§ Task description
All entries must be repeated exactly. No picture should appear in the result.

Data excerpts section start

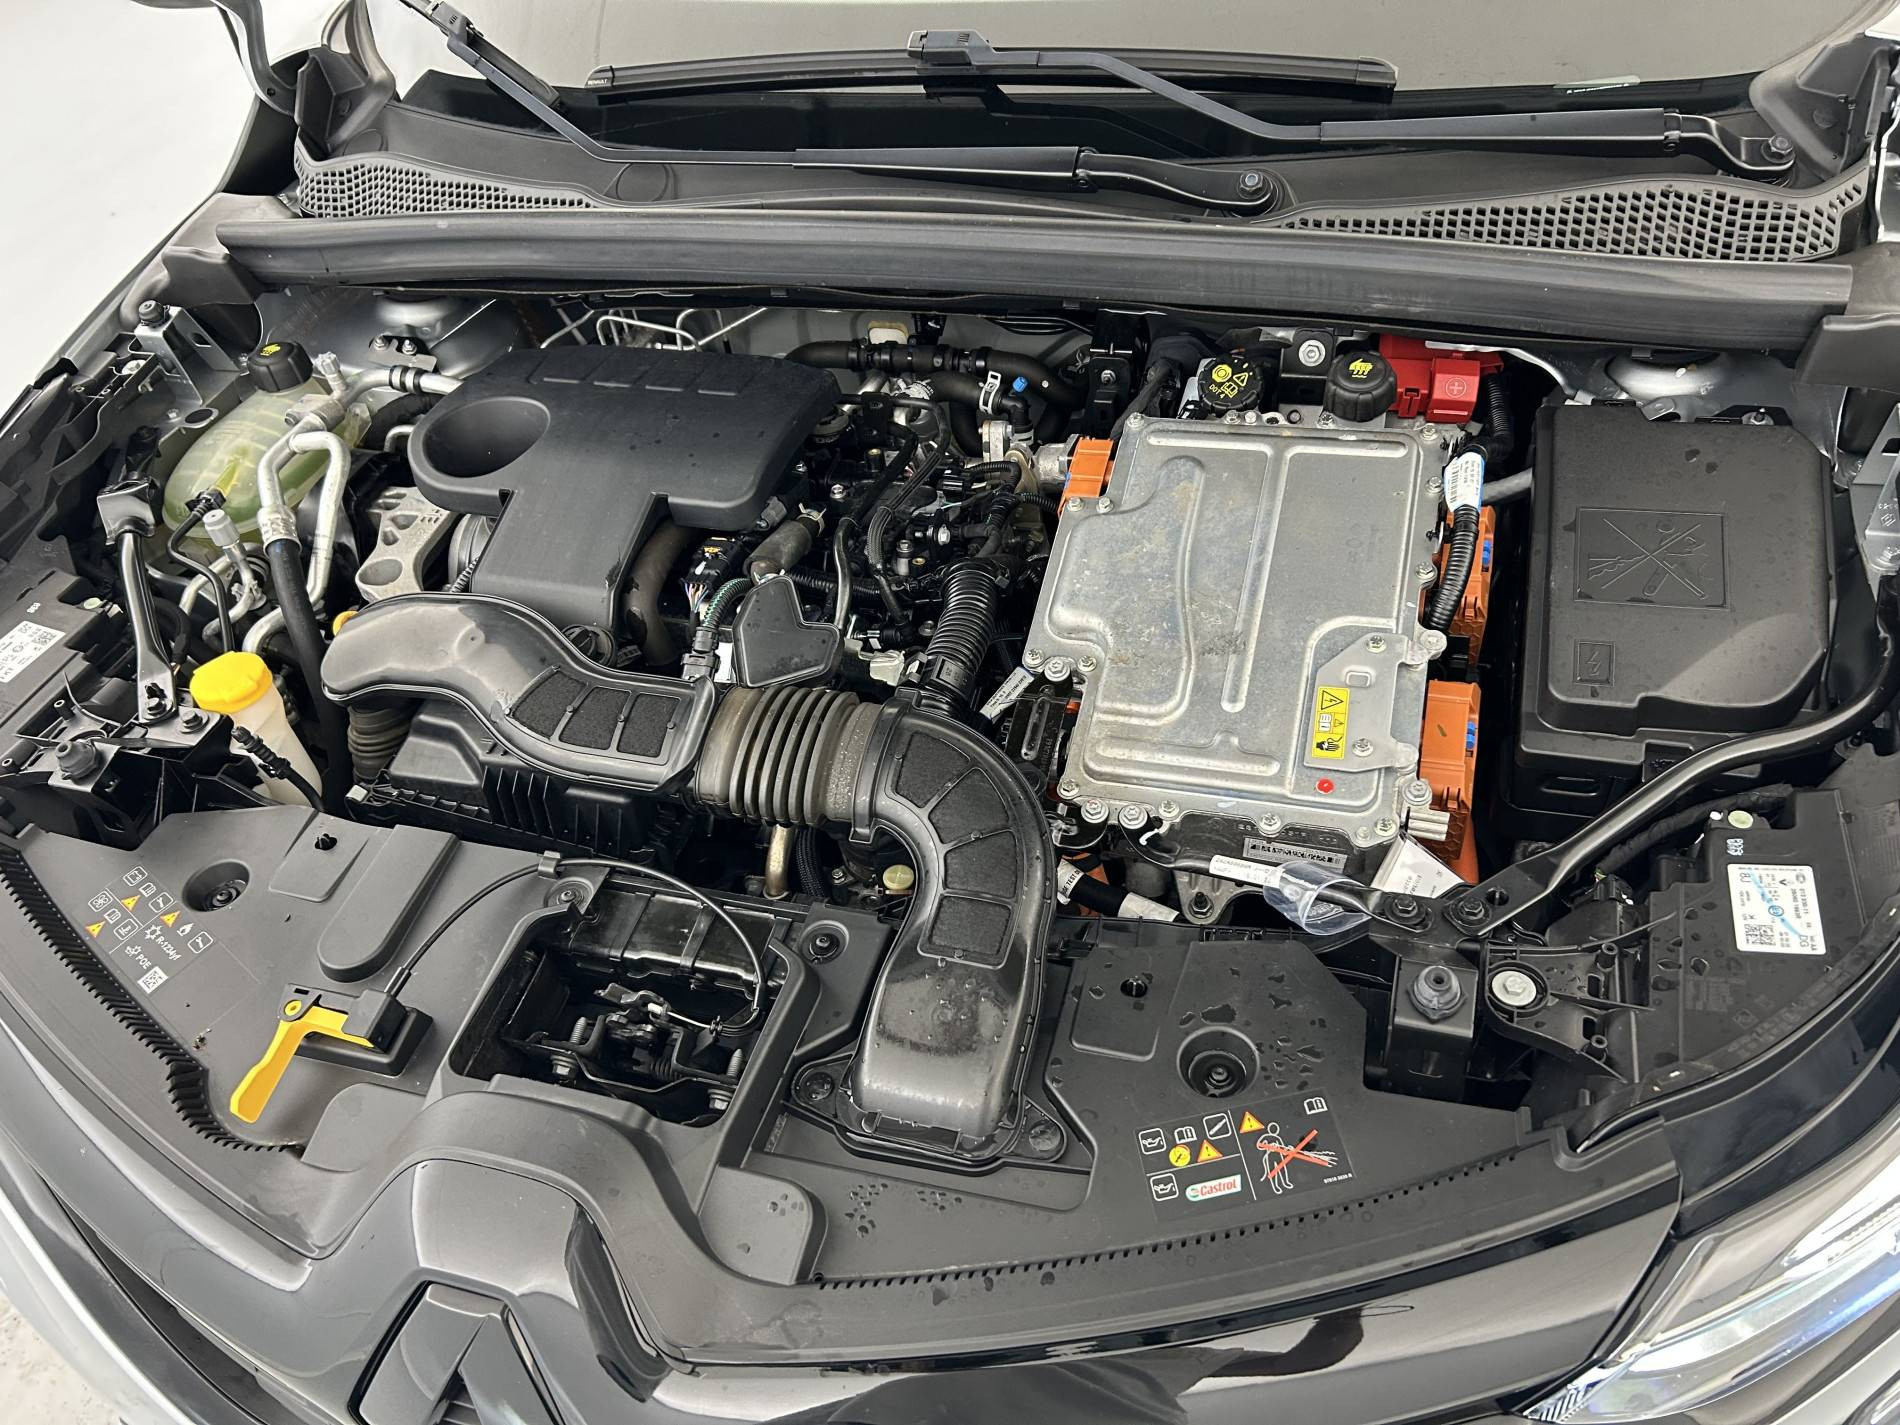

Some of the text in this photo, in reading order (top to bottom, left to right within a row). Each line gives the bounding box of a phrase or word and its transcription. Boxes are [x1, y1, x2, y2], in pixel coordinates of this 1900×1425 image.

[1209, 384, 1222, 395] DOT
[156, 935, 181, 961] R-1234yf
[135, 954, 151, 970] POE
[1200, 1179, 1237, 1197] Castrol

Data excerpts section end

§ Final answer
Some of the text in this photo, in reading order (top to bottom, left to right within a row). Each line gives the bounding box of a phrase or word and its transcription. Boxes are [x1, y1, x2, y2], in pixel coordinates of this 1900×1425 image.

[1209, 384, 1222, 395] DOT
[156, 935, 181, 961] R-1234yf
[135, 954, 151, 970] POE
[1200, 1179, 1237, 1197] Castrol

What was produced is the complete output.